Is There No Place On Earth For Me?
- First edition cover
- Author: Susan Sheehan
- Language: English
- Genre: Biography
- Publisher: Houghton Mifflin
- Publication date: 1982
- Publication place: United States
- Media type: Print (hardback, paperback & audiobook)
- Pages: 333 (first edition)
- Awards: Pulitzer Prize for General Nonfiction
- ISBN: 0-395-31871-8

= Is There No Place on Earth for Me? =

1982 nonfiction book by Susan Sheehan

Is There No Place On Earth For Me? is a nonfiction book written by Susan Sheehan and published in 1982 by Houghton Mifflin.
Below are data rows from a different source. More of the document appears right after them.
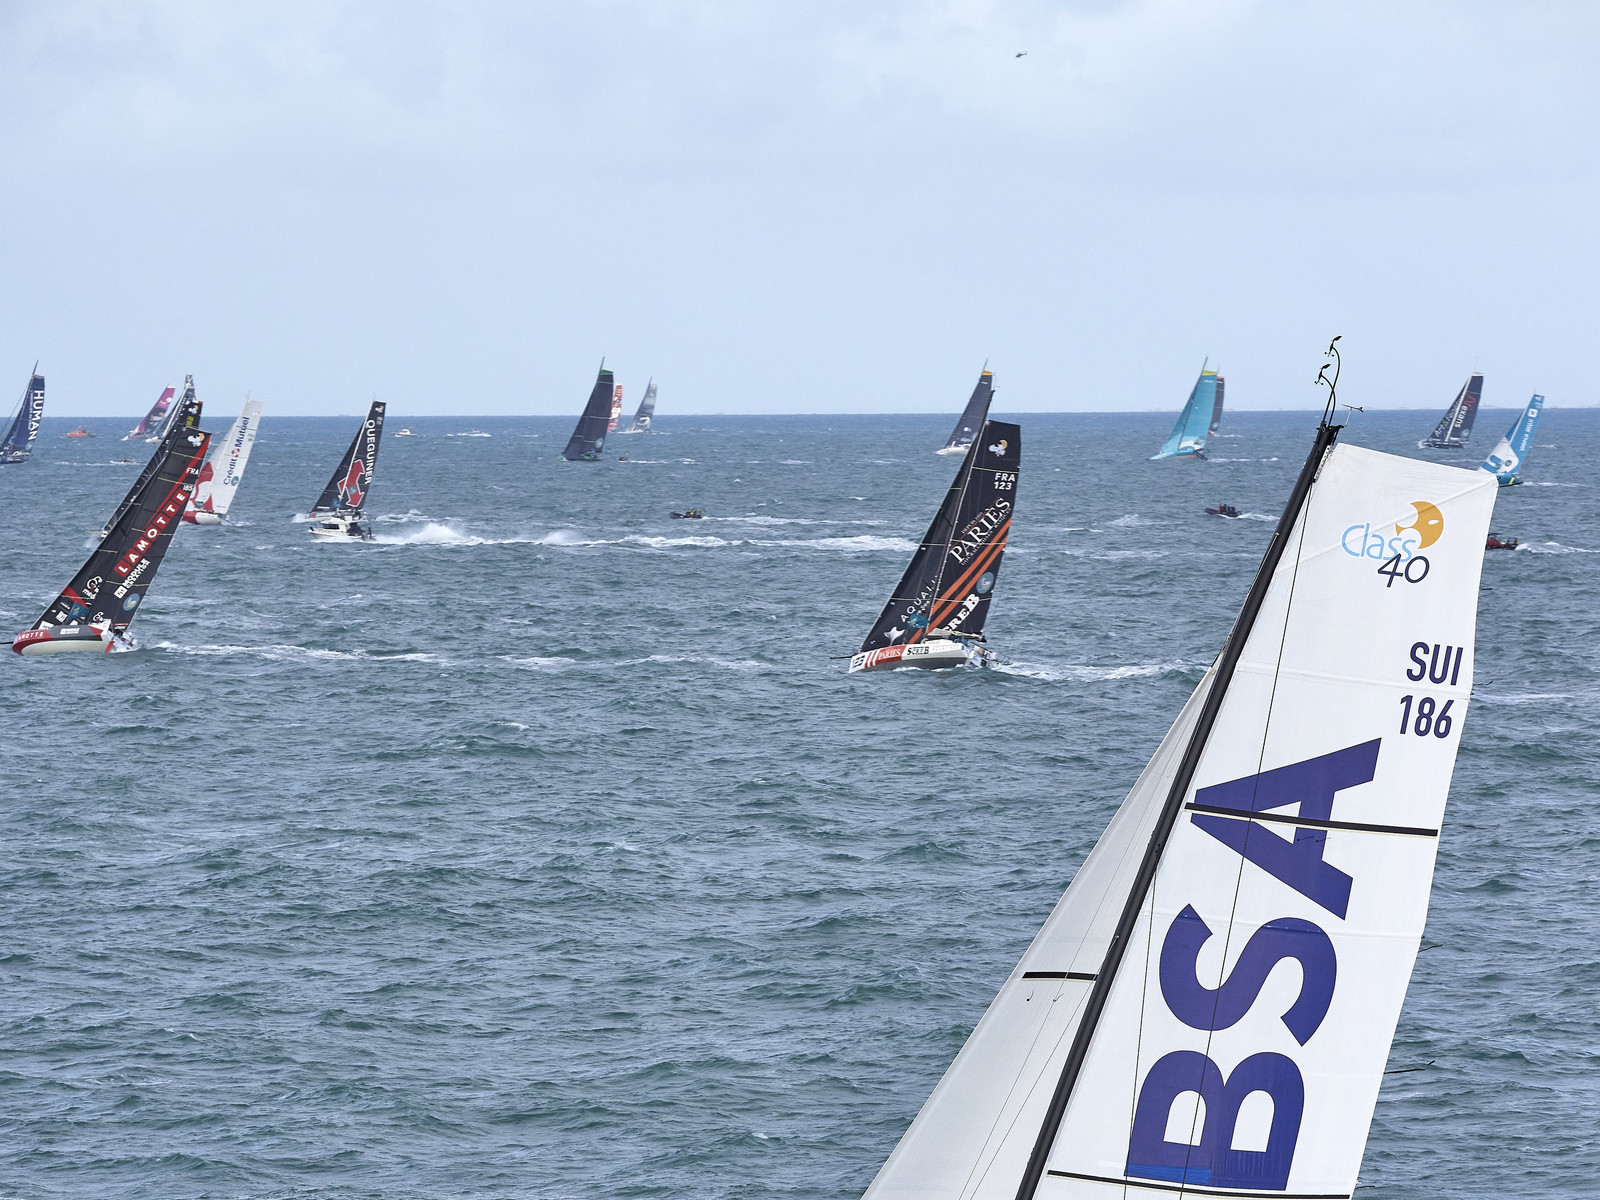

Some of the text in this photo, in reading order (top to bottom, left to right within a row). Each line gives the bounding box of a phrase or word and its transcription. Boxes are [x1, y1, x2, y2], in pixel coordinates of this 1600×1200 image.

[28, 390, 44, 440] HUMAN
[186, 467, 199, 475] FRA
[223, 416, 250, 485] Crédit Mutuel
[365, 419, 376, 485] QUEGUINER
[993, 481, 1012, 490] 123
[994, 472, 1016, 482] FRA
[118, 492, 186, 574] LAMOTTE
[949, 497, 1011, 563] PARIÈS
[1341, 522, 1416, 562] Class
[122, 558, 148, 587] MODULE
[1377, 553, 1430, 587] 40
[1406, 642, 1463, 686] SUI
[1400, 695, 1454, 739] 186
It won the 1983 Pulitzer Prize for General Nonfiction. This book recounts the lonely, harrowing life of Sylvia Frumkin who is diagnosed with schizophrenia.

Sheehan followed Frumkin for two-and-a-half years, much of which was spent inside a mental hospital, Creedmoor Psychiatric Center, in Queens. It presents outstanding reporting on what it's like to be mentally ill and how the mental health system often fails in its treatment of those it was designed to help.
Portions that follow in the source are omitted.